→ Brief
Copy the data below in full, exactly as it appears.

→ Data excerpts
--- START ---
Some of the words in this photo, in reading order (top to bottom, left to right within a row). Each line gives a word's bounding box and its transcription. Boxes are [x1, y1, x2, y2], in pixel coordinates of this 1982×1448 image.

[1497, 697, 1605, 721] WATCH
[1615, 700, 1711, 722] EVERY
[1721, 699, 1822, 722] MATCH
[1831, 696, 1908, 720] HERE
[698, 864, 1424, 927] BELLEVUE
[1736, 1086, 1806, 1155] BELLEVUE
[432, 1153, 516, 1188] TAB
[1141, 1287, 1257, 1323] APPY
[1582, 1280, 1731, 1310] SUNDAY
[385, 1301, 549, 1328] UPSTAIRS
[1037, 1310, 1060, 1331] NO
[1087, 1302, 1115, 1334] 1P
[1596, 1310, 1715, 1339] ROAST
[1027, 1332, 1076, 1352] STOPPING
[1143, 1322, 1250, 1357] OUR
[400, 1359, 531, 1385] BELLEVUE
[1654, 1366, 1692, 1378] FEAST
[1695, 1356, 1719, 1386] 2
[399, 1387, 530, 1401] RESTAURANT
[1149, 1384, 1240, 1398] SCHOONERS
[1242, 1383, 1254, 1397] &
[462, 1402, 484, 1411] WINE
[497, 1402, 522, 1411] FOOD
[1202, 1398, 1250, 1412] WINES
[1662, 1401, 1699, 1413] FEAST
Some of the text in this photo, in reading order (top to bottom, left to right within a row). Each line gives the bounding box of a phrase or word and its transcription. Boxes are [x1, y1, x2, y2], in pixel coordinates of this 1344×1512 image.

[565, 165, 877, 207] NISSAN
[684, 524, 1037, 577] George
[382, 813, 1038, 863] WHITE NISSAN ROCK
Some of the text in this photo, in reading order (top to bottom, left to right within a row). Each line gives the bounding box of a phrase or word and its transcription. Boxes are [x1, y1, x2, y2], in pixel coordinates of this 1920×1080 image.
--- END ---
→ Finished task
Some of the words in this photo, in reading order (top to bottom, left to right within a row). Each line gives a word's bounding box and its transcription. Boxes are [x1, y1, x2, y2], in pixel coordinates of this 1982×1448 image.

[1497, 697, 1605, 721] WATCH
[1615, 700, 1711, 722] EVERY
[1721, 699, 1822, 722] MATCH
[1831, 696, 1908, 720] HERE
[698, 864, 1424, 927] BELLEVUE
[1736, 1086, 1806, 1155] BELLEVUE
[432, 1153, 516, 1188] TAB
[1141, 1287, 1257, 1323] APPY
[1582, 1280, 1731, 1310] SUNDAY
[385, 1301, 549, 1328] UPSTAIRS
[1037, 1310, 1060, 1331] NO
[1087, 1302, 1115, 1334] 1P
[1596, 1310, 1715, 1339] ROAST
[1027, 1332, 1076, 1352] STOPPING
[1143, 1322, 1250, 1357] OUR
[400, 1359, 531, 1385] BELLEVUE
[1654, 1366, 1692, 1378] FEAST
[1695, 1356, 1719, 1386] 2
[399, 1387, 530, 1401] RESTAURANT
[1149, 1384, 1240, 1398] SCHOONERS
[1242, 1383, 1254, 1397] &
[462, 1402, 484, 1411] WINE
[497, 1402, 522, 1411] FOOD
[1202, 1398, 1250, 1412] WINES
[1662, 1401, 1699, 1413] FEAST
Some of the text in this photo, in reading order (top to bottom, left to right within a row). Each line gives the bounding box of a phrase or word and its transcription. Boxes are [x1, y1, x2, y2], in pixel coordinates of this 1344×1512 image.

[565, 165, 877, 207] NISSAN
[684, 524, 1037, 577] George
[382, 813, 1038, 863] WHITE NISSAN ROCK
Some of the text in this photo, in reading order (top to bottom, left to right within a row). Each line gives the bounding box of a phrase or word and its transcription. Boxes are [x1, y1, x2, y2], in pixel coordinates of this 1920×1080 image.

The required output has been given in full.